Author, foreign-policy analyst and journalist Robin Wright told an audience Thursday at Pacific Lutheran University that the future of the Middle East will be shaped by trends that will include the rise of varied Islamic political parties.
Wright, author of “Rock the Casbah: Rage and Rebellion Across the Islamic World,” gave a memorial lecture in honor of U.S. Ambassador Christopher Stevens, who was killed Sept. 11 in an attack on the U.S. Consulate in Benghazi, Libya, at the university’s Lagerquist Concert Hall.
Four Americans died, including the ambassador. Stevens was the first American ambassador to be killed since 1988.
“If there’s one word you take away,” Wright said concerning the Islamic parties, “it’s Salafi.” She spelled the name for the audience before adding that this was the political party that killed Stevens.
Wright said the Salafi are “a new phase of al-Qaida” who “believe in the pursuit of Muslim states.”

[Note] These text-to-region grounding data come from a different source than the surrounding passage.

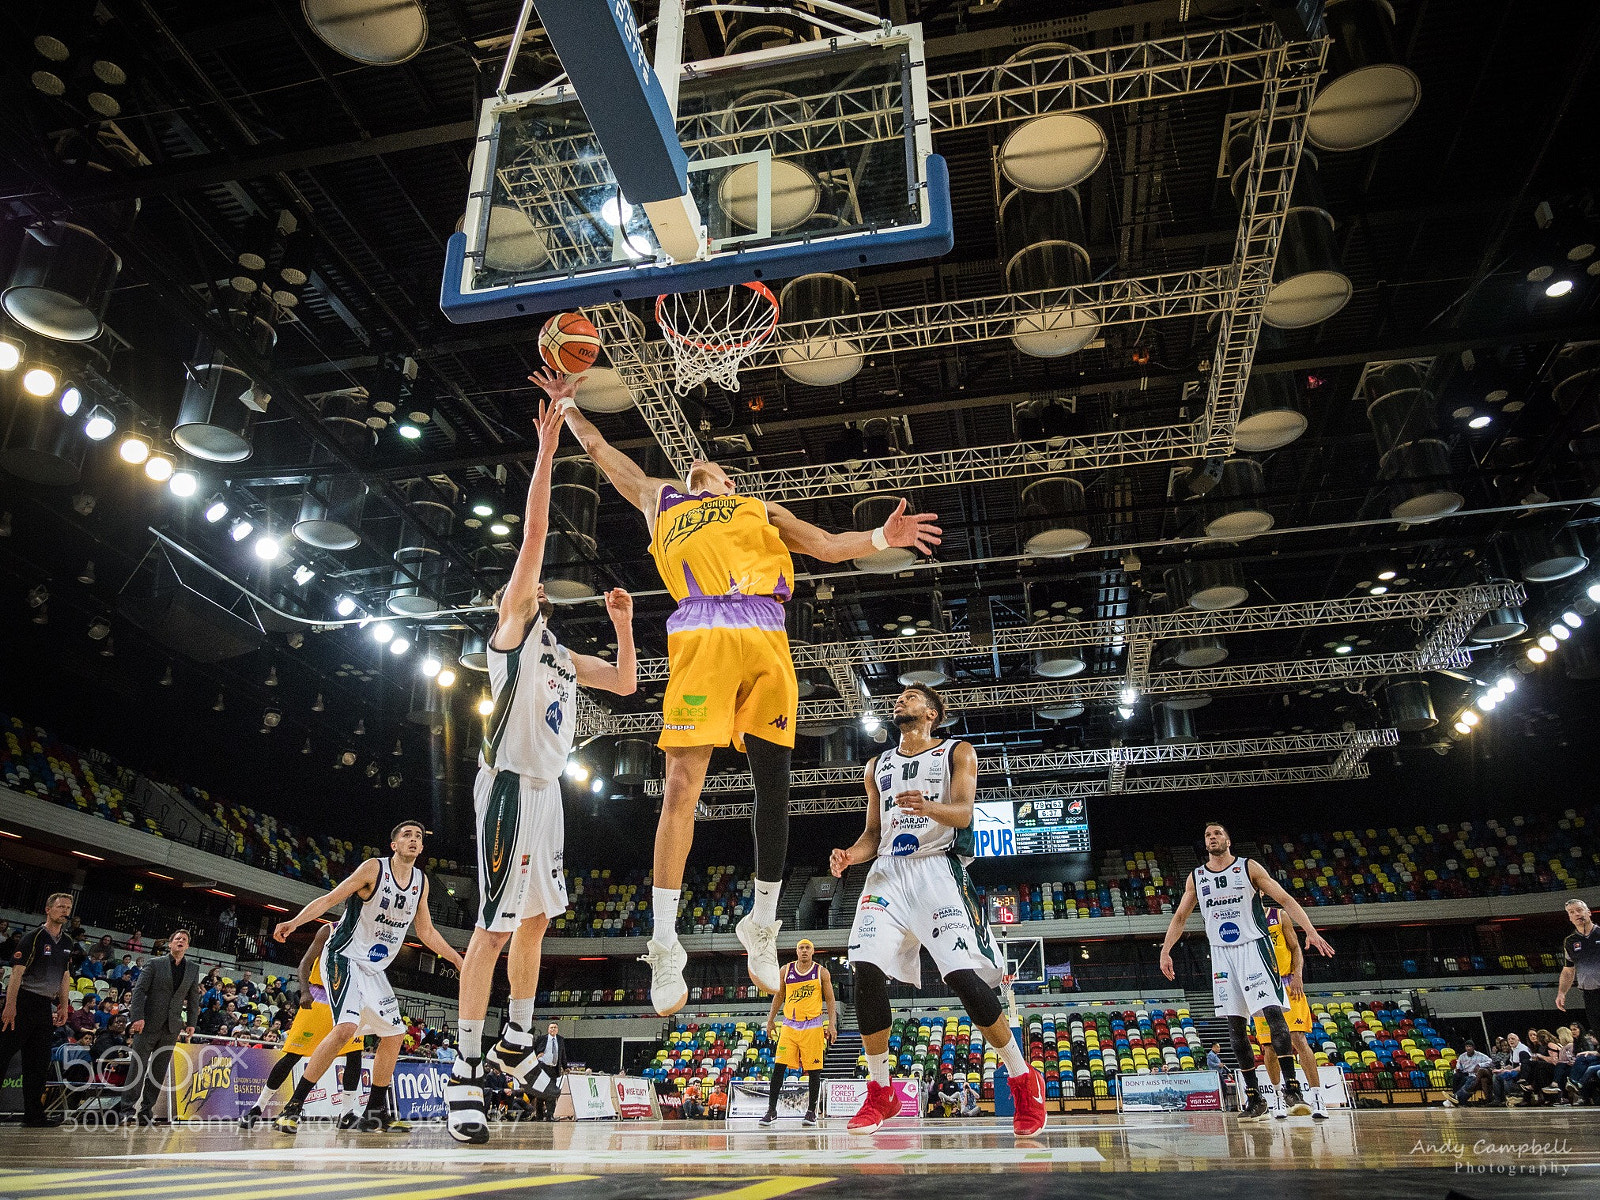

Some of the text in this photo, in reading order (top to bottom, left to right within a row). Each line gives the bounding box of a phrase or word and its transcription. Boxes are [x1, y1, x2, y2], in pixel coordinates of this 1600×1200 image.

[703, 499, 736, 509] LONDON
[902, 761, 920, 780] 10
[394, 893, 407, 909] 13
[1000, 907, 1014, 923] 16
[211, 1056, 233, 1068] LONDON
[398, 1067, 450, 1100] molte
[411, 1102, 421, 1114] For
[422, 1101, 433, 1112] the
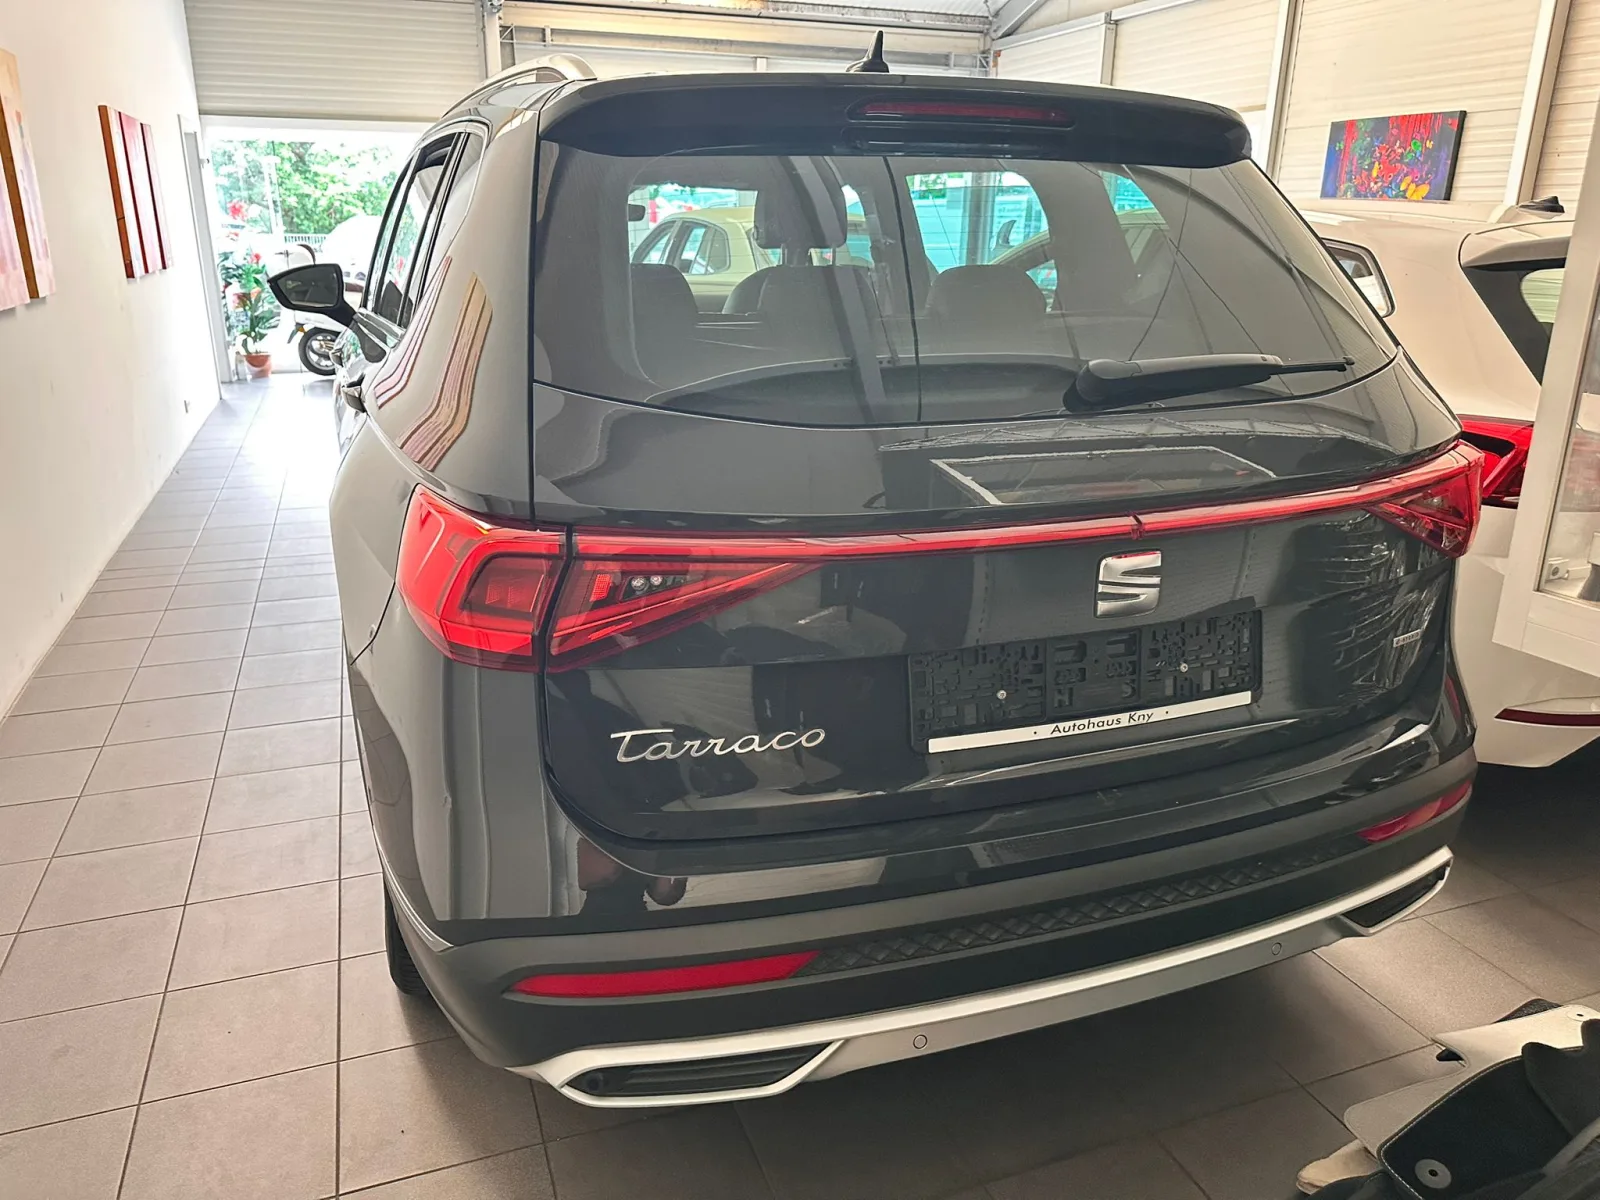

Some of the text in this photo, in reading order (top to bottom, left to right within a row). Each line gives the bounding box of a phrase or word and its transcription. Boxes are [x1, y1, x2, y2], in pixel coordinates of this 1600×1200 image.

[1050, 712, 1154, 735] Autohaus Kny
[610, 728, 826, 763] Tarraco
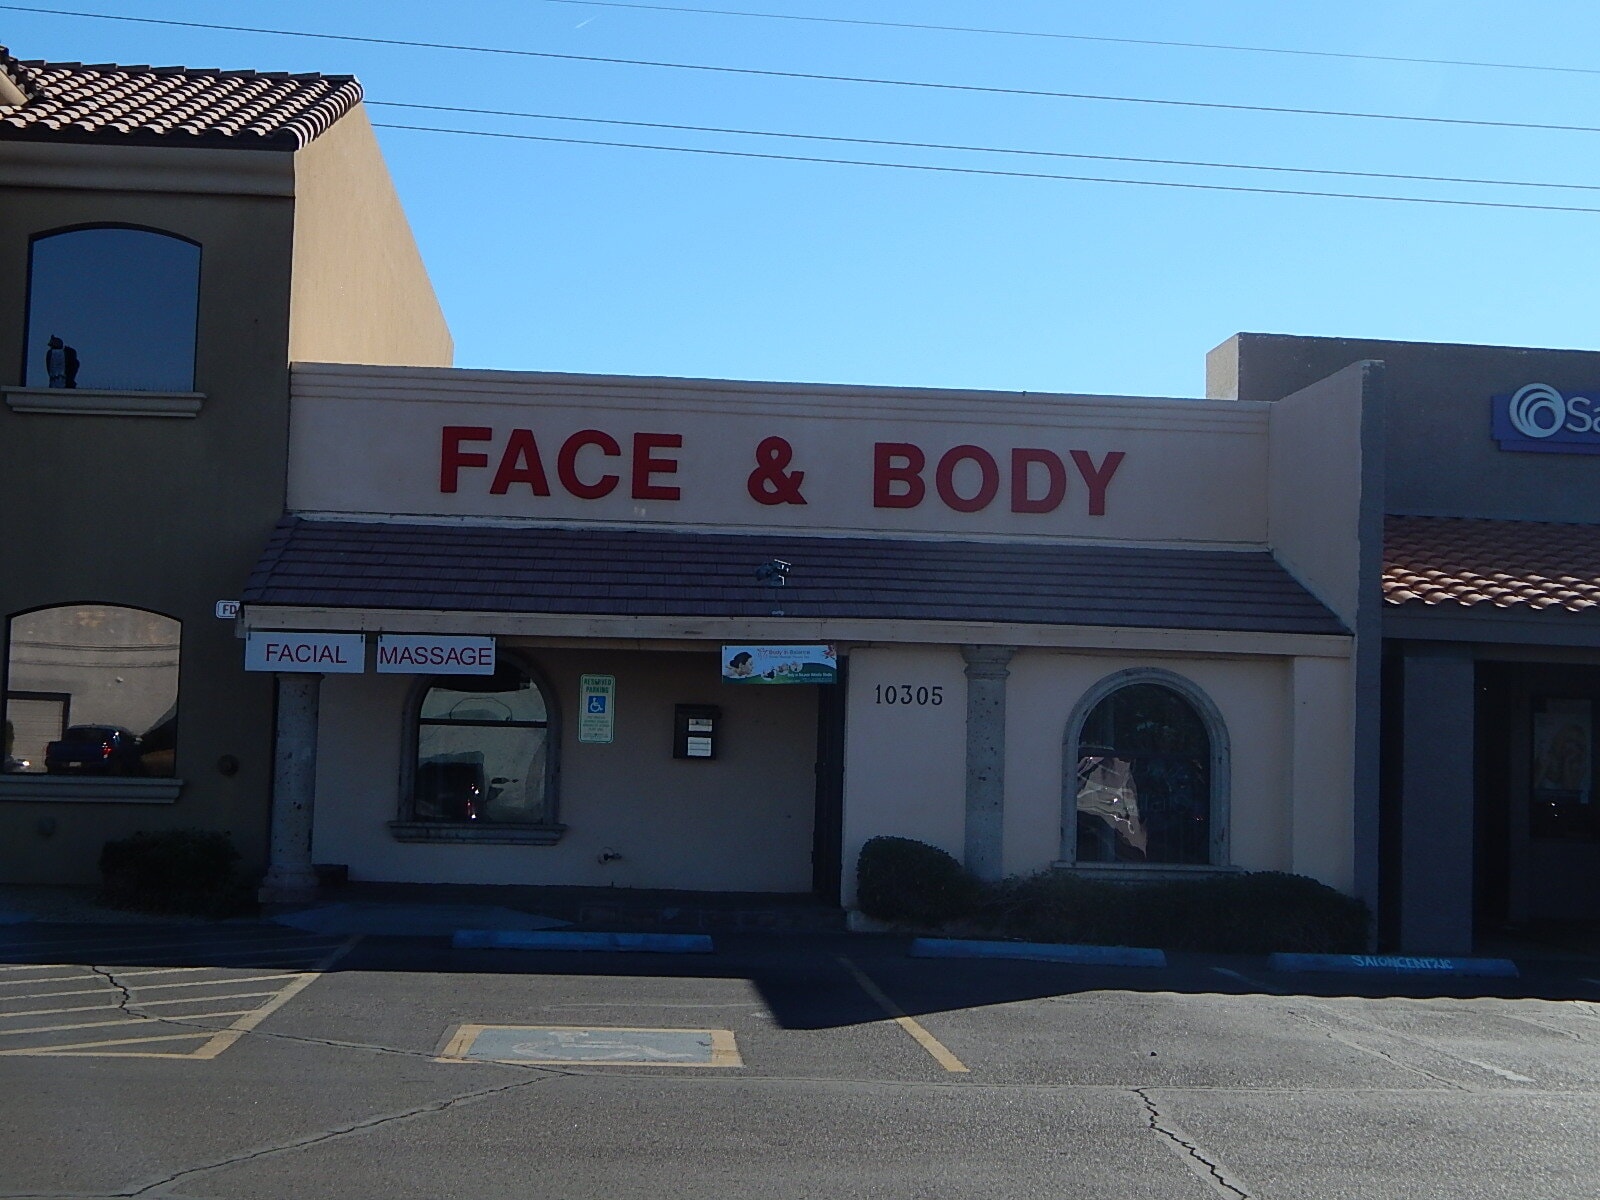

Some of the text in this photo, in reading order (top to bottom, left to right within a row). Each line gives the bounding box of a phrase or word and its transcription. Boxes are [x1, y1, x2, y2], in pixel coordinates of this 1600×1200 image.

[440, 426, 1126, 516] FACE & BODY
[265, 643, 347, 664] FACIAL
[379, 646, 492, 666] MASSAGE
[584, 678, 612, 686] RESERVED
[876, 684, 943, 705] 10305
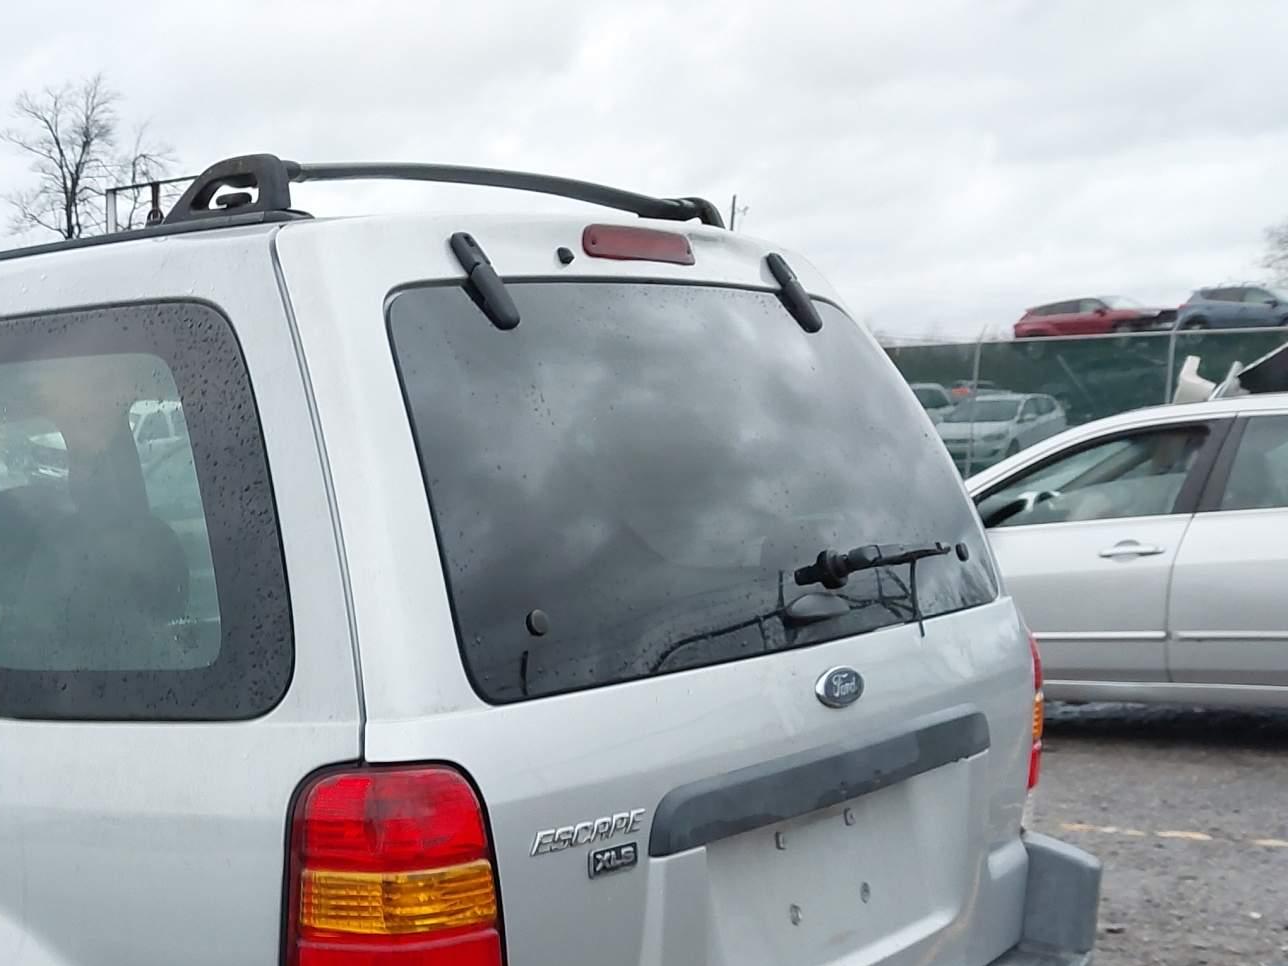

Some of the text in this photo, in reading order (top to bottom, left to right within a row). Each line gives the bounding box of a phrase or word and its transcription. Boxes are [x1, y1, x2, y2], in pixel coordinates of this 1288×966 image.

Stability in the Middle East, Wright said, will be a steep climb, and Stevens’ death will not be the last.
Though the next decade will be tumultuous for the Middle East, it “doesn’t change what people ultimately want,” something Stevens understood, Wright said.
“He knew the street, as well as the elite,” Wright said. “This country (the United States) lost the most promising diplomat.”
Part of Wright’s book discusses the strong cultural elements that lead to change, such as hip-hop and rap music. “Rap has become the rhythm of resistance,” Wright said, and there are “voices of dissent in music.”
After the lecture, Anne Stevens – the ambassador’s sister and a pediatrician at Seattle Children’s hospital – encouraged PLU students to study abroad.
Christopher Stevens “was comfortable here (in the U.S.), he was comfortable there (in the Middle East),” she said. “He was a man of the international community, and that’s where we all need to be.”
PLU presented the lecture to provide information locally about the Middle East, North Africa and the two regions’ ties to the United States.